SkyCopilot is a conversational AI tool designed to boost developer and DBA productivity. It can generate complex SQL queries spanning multiple tables, write code to integrate external tools with SkySQL, create MariaDB stored procedures, analyze and optimize slow queries, introspect the vast configuration options or current status of your SkySQL cluster, and much more. SkyCopilot can assist you throughout the entire lifecycle with SkySQL, including development, testing, migration, tuning, and debugging in production.

It relies on a built-in Vector Database to semantically search SkySQL documentation, AI agents to convert your queries to SQL, and OpenAI's large language model to generate natural language responses.

Note

This is currently in Tech Preview. It is Free to use. We may impose usage limits or request you to upgrade to a paid plan as we finalize the product.

Quickstart

SkyCopilot offers 3 conversation modes to choose from:

1. Ask Me Anything

This mode allows you to ask any questions about SkySQL or MariaDB. For SkySQL-specific queries, ensure your question includes the word 'SkySQL'. This mode is best to get answers to conceptual questions about SkySQL or general MariaDB.

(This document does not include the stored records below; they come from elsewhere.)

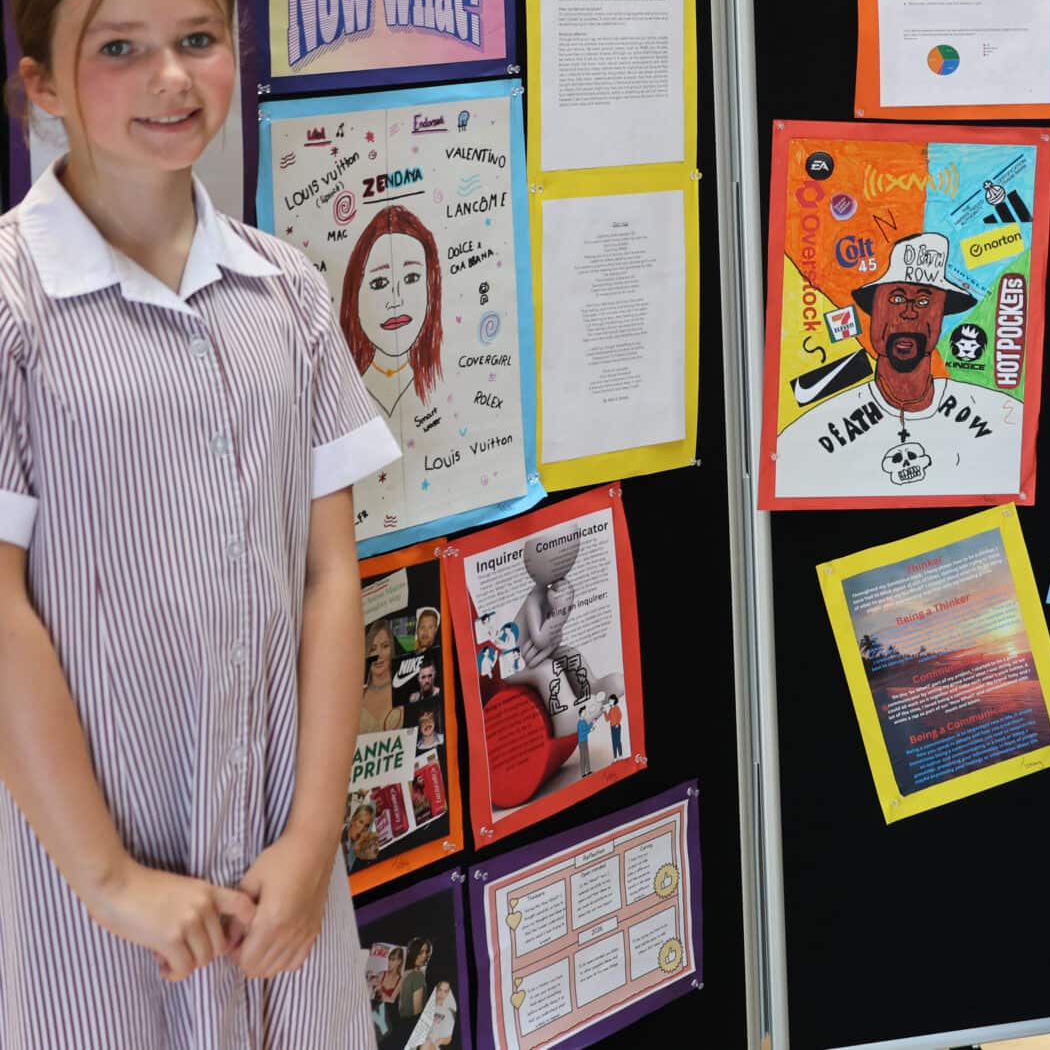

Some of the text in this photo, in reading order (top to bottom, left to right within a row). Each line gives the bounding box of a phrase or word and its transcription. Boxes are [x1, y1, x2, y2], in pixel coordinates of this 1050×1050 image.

[811, 160, 829, 171] EA
[362, 167, 423, 198] ZENDAYA
[284, 179, 319, 211] LOUIS
[446, 192, 507, 218] LANCÔME
[327, 229, 348, 242] MAC
[984, 232, 1023, 252] norton
[834, 235, 875, 269] Colt
[857, 258, 878, 273] 45
[995, 278, 1024, 386] HOT POCKETS
[458, 354, 512, 368] COVERGIRL
[474, 390, 504, 410] ROLEX
[818, 394, 993, 454] DEATH ROW
[424, 451, 461, 472] Louis
[476, 548, 523, 574] Inquirer
[535, 522, 609, 553] Communicator
[906, 557, 943, 573] Thinker
[896, 594, 970, 626] Being a Thinker
[398, 655, 425, 676] NIKE
[910, 729, 939, 744] Being
[939, 727, 946, 735] a

At the moment, this mode does not have access to your database. You will notice a dropdown with Sample Questions. These are pre-set questions that you can choose from to get you started.

Examples:

  • General MariaDB Query: "What is the default storage engine in SkySQL?"
  • SkySQL-specific Query: "Show me a SkySQL program to connect from Java" or "In SkySQL, how can I configure my DB properties?"

Note

In this mode, you can generate SQL queries or even entire programs, but you have to copy/paste to your app or SQL editor environment to execute.

2. DBA Assist

Use this mode to ask questions related to system information, tuning, and diagnostics of your databases. Always refer to the README in the Chat for detailed instructions before using this mode.

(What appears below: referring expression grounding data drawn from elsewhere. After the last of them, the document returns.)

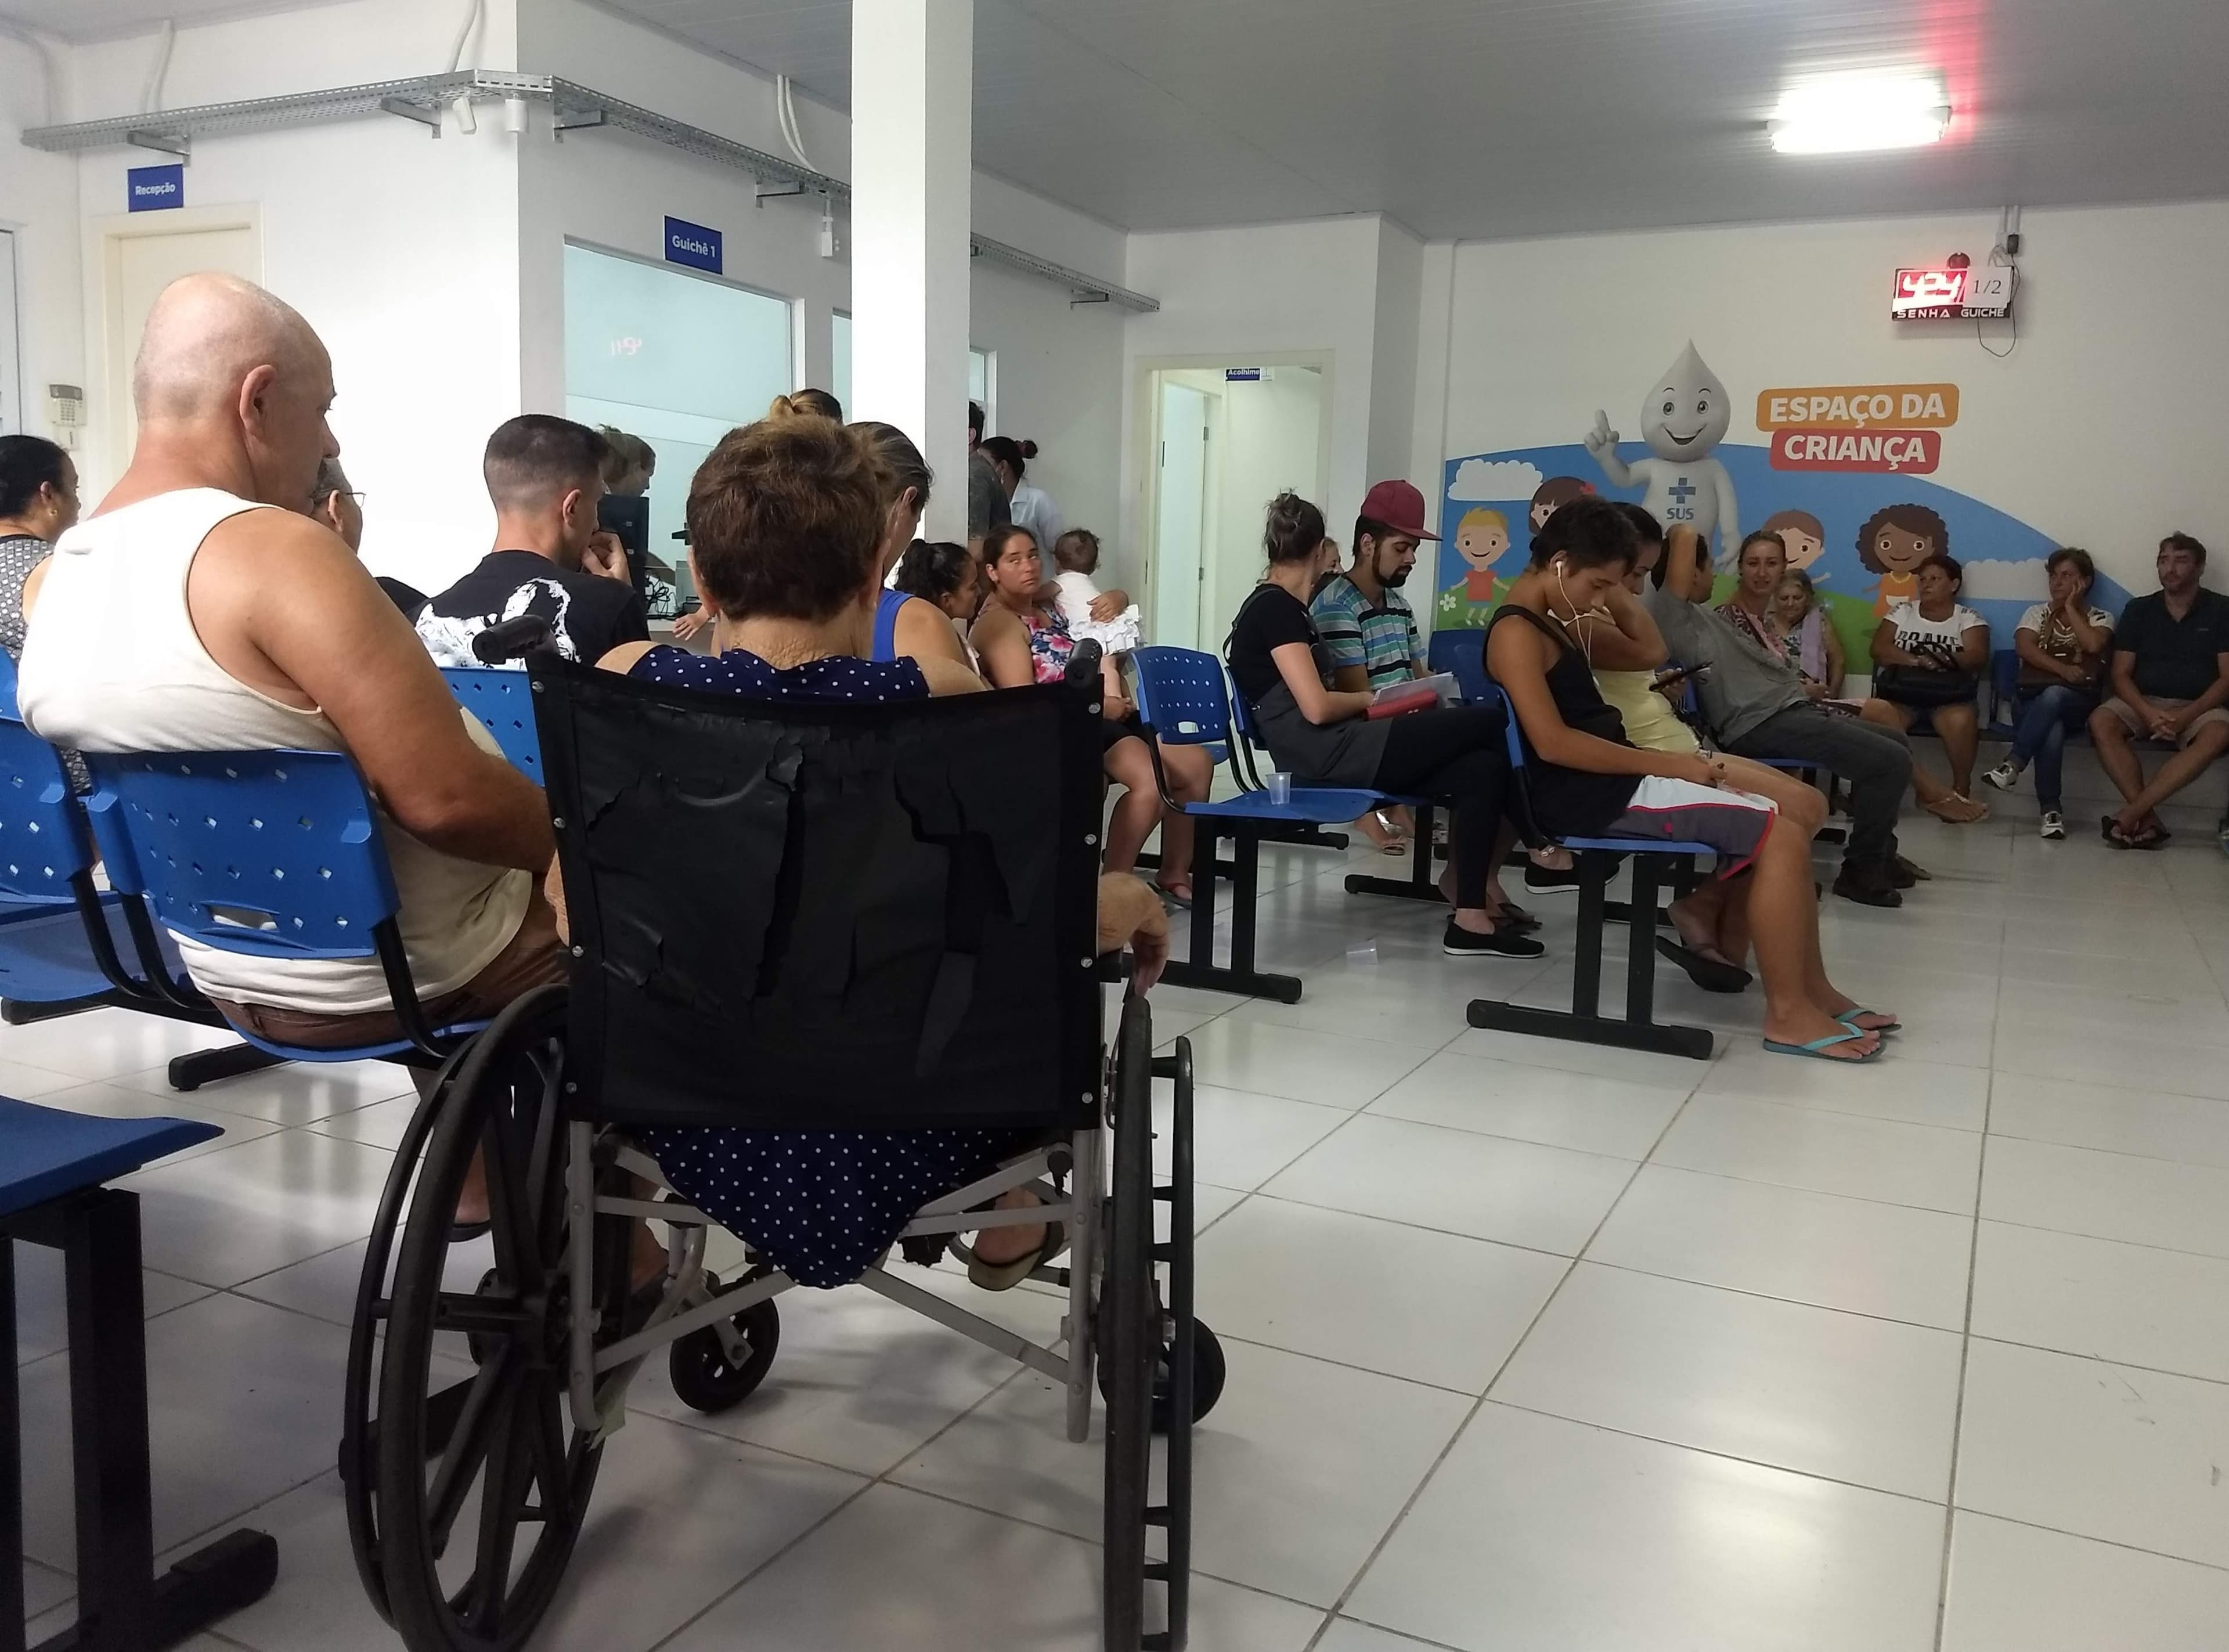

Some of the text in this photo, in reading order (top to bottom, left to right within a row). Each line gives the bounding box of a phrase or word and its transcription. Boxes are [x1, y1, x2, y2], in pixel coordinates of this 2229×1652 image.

[135, 182, 176, 196] Recepção
[672, 235, 715, 258] Guichê 1
[1974, 280, 2001, 294] 1/2
[1897, 308, 2004, 318] SENHA GUICHE
[1770, 393, 1945, 428] ESPAÇO DA
[1784, 435, 1926, 471] CRIANÇA
[1667, 508, 1694, 520] SUS

You will notice a dropdown with Sample Questions. These are pre-set questions that you can choose from to get you started.

Examples:

  • "Analyze the slowest query and provide specific optimization suggestions"
  • "How can I optimize the performance of my MariaDB instance?"
  • "What are the recommended configurations for a high-availability setup in SkySQL?"

Note

This mode is designed to assist DBAs with their routine tasks and troubleshooting. You should go through the README in the Chat to configure your DB for this mode.

3. Chat With Your App Data

This mode allows you to interact with your application databases securely. Generated SQL queries will be executed safely, providing real-time data insights and actions.

Examples:

If you connect to the Northwind DB (i.e connect to the Demo Server), you could try out questions like these.

  • "Show me the top 5 customers that placed the most orders."
  • “Show me the total sales revenue per year. Take into account discounts offered.”

Note

This mode is designed to assist DBAs with their routine tasks and troubleshooting. You should go through the README and the 'Prompt Engg Guide' in the Chat to get the best out of this mode.

‘Ask Me Anything’ Mode

Use this mode when trying to understand MariaDB and SkySQL concepts or features, generate code, perform integration, or manage data migration. In this mode, SkyCopilot relies on the inherent knowledge in OpenAI's large language model about MariaDB and the SkySQL documentation.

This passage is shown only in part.